━━ RECORD EXCERPTS

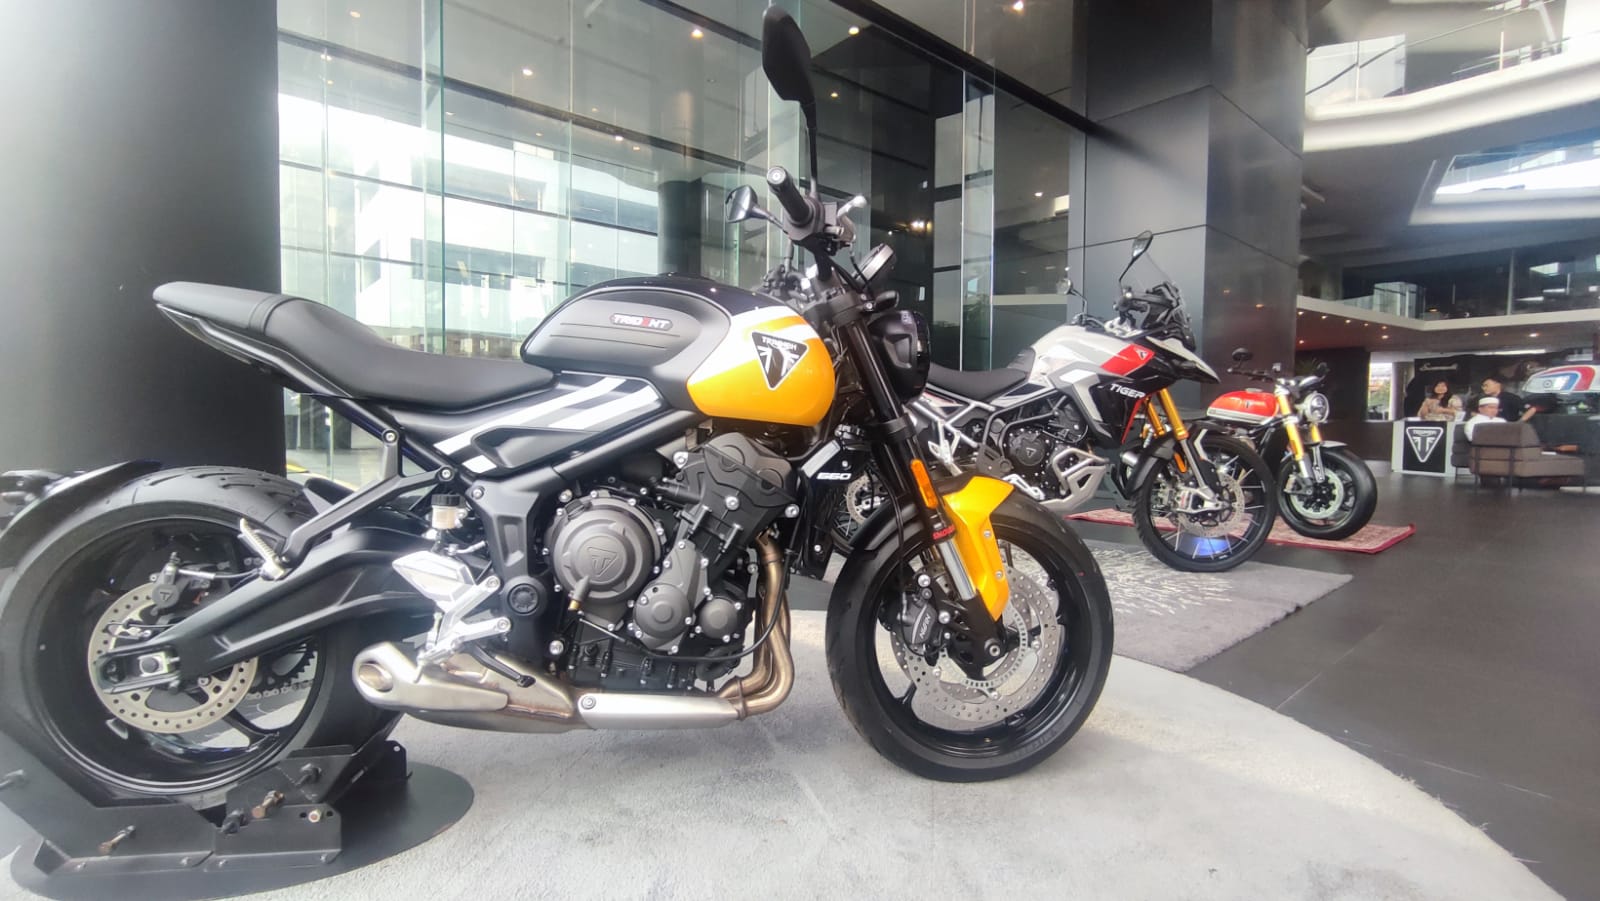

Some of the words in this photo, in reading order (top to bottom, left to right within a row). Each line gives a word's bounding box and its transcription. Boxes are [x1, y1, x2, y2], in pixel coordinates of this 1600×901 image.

[614, 314, 671, 329] TRIDENT
[1110, 383, 1146, 399] TIGER
[816, 472, 852, 480] 660
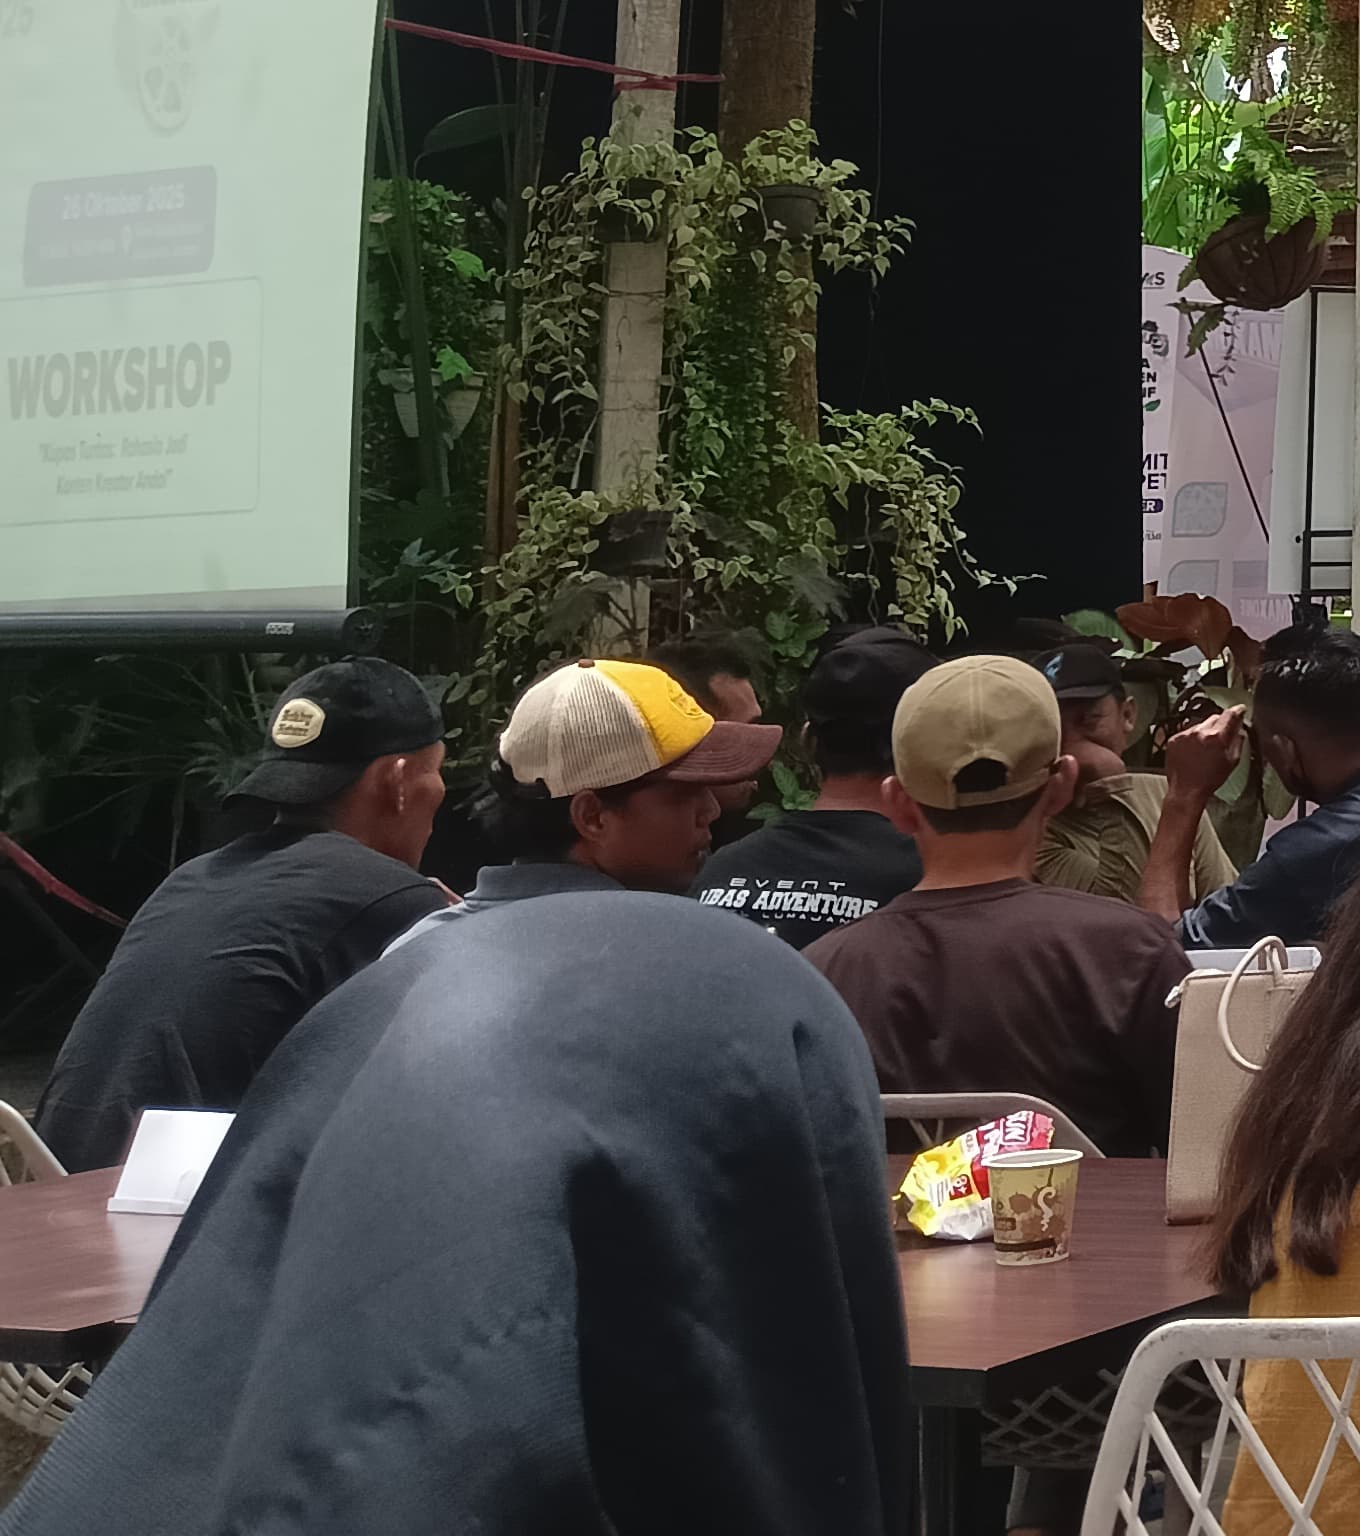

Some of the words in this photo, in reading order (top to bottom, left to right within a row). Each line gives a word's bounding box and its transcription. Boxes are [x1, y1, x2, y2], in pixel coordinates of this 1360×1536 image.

[7, 340, 232, 420] WORKSHOP
[730, 877, 845, 891] EVENT
[752, 890, 879, 919] ADVENTURE
[762, 913, 850, 925] LUMAJAN

━━━━

Everything in the data except the pictures must be retyped exactly.

Some of the words in this photo, in reading order (top to bottom, left to right within a row). Each line gives a word's bounding box and its transcription. Boxes are [x1, y1, x2, y2], in pixel coordinates of this 1600×901 image.

[614, 314, 671, 329] TRIDENT
[1110, 383, 1146, 399] TIGER
[816, 472, 852, 480] 660

Some of the words in this photo, in reading order (top to bottom, left to right within a row). Each line gives a word's bounding box and its transcription. Boxes are [x1, y1, x2, y2], in pixel coordinates of this 1360×1536 image.

[7, 340, 232, 420] WORKSHOP
[730, 877, 845, 891] EVENT
[752, 890, 879, 919] ADVENTURE
[762, 913, 850, 925] LUMAJAN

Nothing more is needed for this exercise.